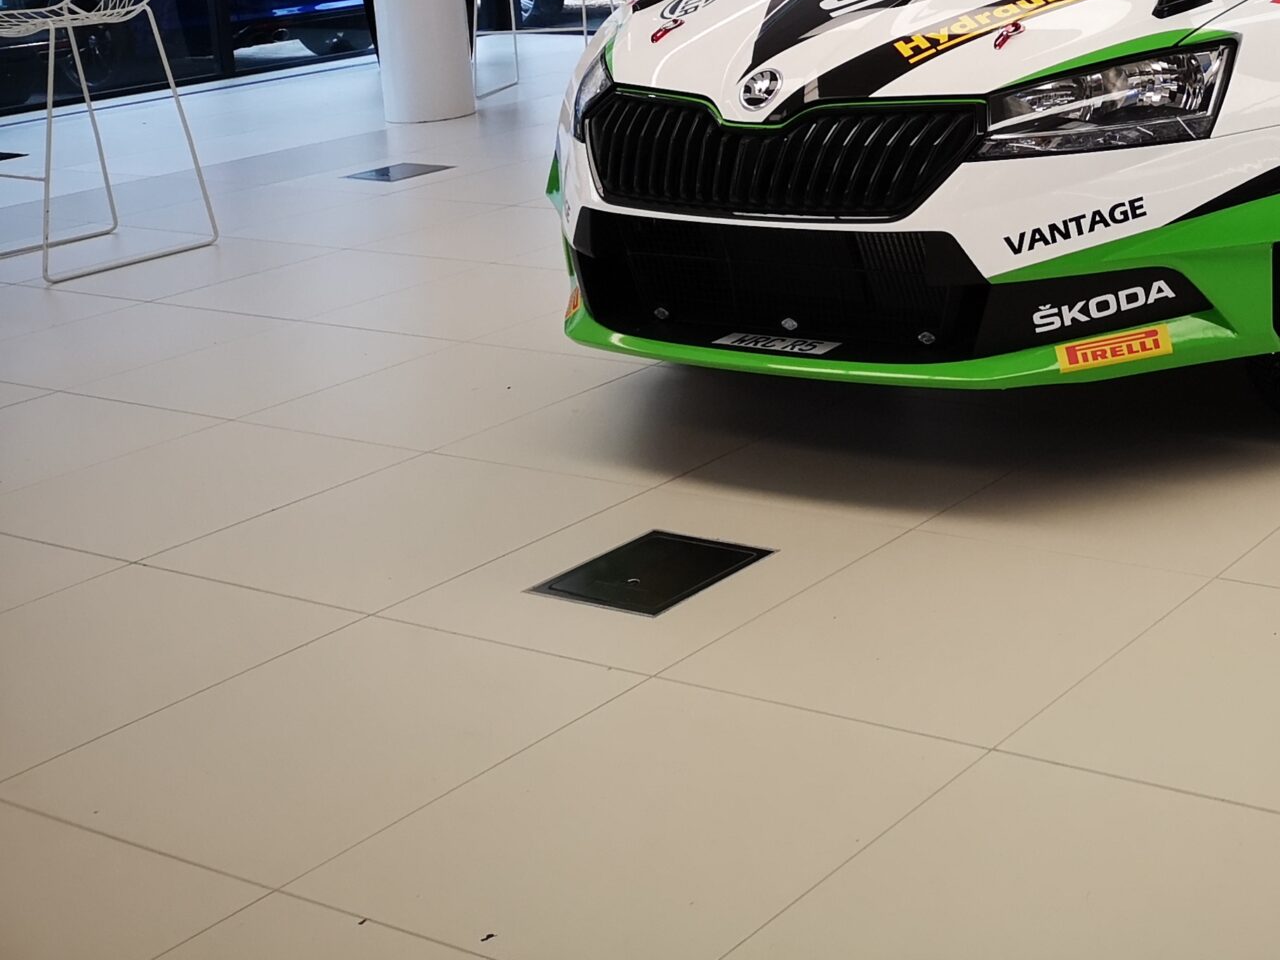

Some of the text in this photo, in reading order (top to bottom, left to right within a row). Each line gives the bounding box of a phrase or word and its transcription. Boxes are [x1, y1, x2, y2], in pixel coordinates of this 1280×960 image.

[1003, 196, 1148, 256] VANTAGE
[1032, 279, 1177, 334] ŠKODA
[783, 340, 825, 352] R5
[1064, 328, 1161, 366] PIRELLI
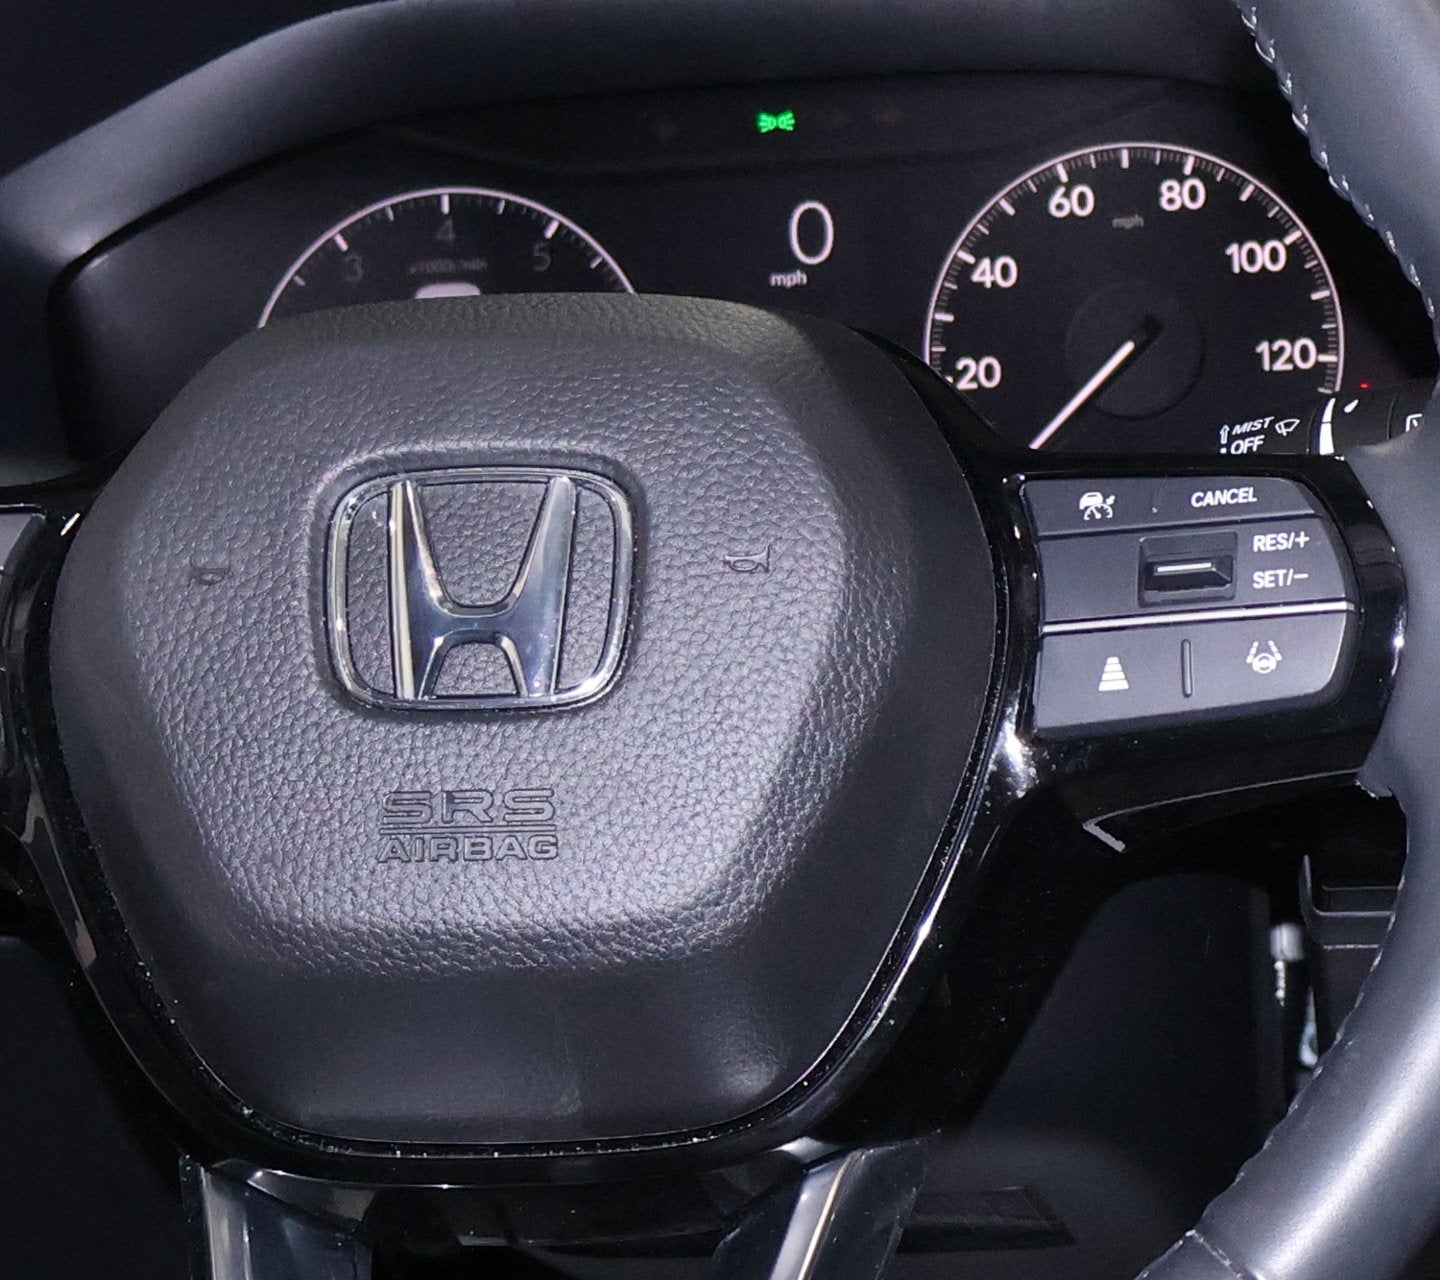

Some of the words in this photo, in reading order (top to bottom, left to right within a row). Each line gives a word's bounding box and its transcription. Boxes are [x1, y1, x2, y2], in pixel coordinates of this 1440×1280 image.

[1048, 183, 1095, 218] 60
[1159, 178, 1207, 213] 80
[789, 201, 834, 265] 0
[971, 255, 1019, 290] 40
[1225, 239, 1288, 276] 100
[770, 270, 808, 288] mph
[1255, 337, 1317, 373] 120
[957, 356, 1002, 391] 20
[1231, 416, 1276, 435] MIST
[1230, 434, 1266, 455] OFF
[1190, 486, 1258, 508] CANCEL
[1252, 531, 1310, 553] RES/+
[382, 788, 556, 824] SRS
[378, 835, 559, 863] AIRBAG

Your assignment
Print every line from the one that contains "Some of the words" to the end of the records, exactly as written, and nothing more.

Response below
Some of the words in this photo, in reading order (top to bottom, left to right within a row). Each line gives a word's bounding box and its transcription. Boxes are [x1, y1, x2, y2], in pixel coordinates of this 1440×1280 image.

[1048, 183, 1095, 218] 60
[1159, 178, 1207, 213] 80
[789, 201, 834, 265] 0
[971, 255, 1019, 290] 40
[1225, 239, 1288, 276] 100
[770, 270, 808, 288] mph
[1255, 337, 1317, 373] 120
[957, 356, 1002, 391] 20
[1231, 416, 1276, 435] MIST
[1230, 434, 1266, 455] OFF
[1190, 486, 1258, 508] CANCEL
[1252, 531, 1310, 553] RES/+
[382, 788, 556, 824] SRS
[378, 835, 559, 863] AIRBAG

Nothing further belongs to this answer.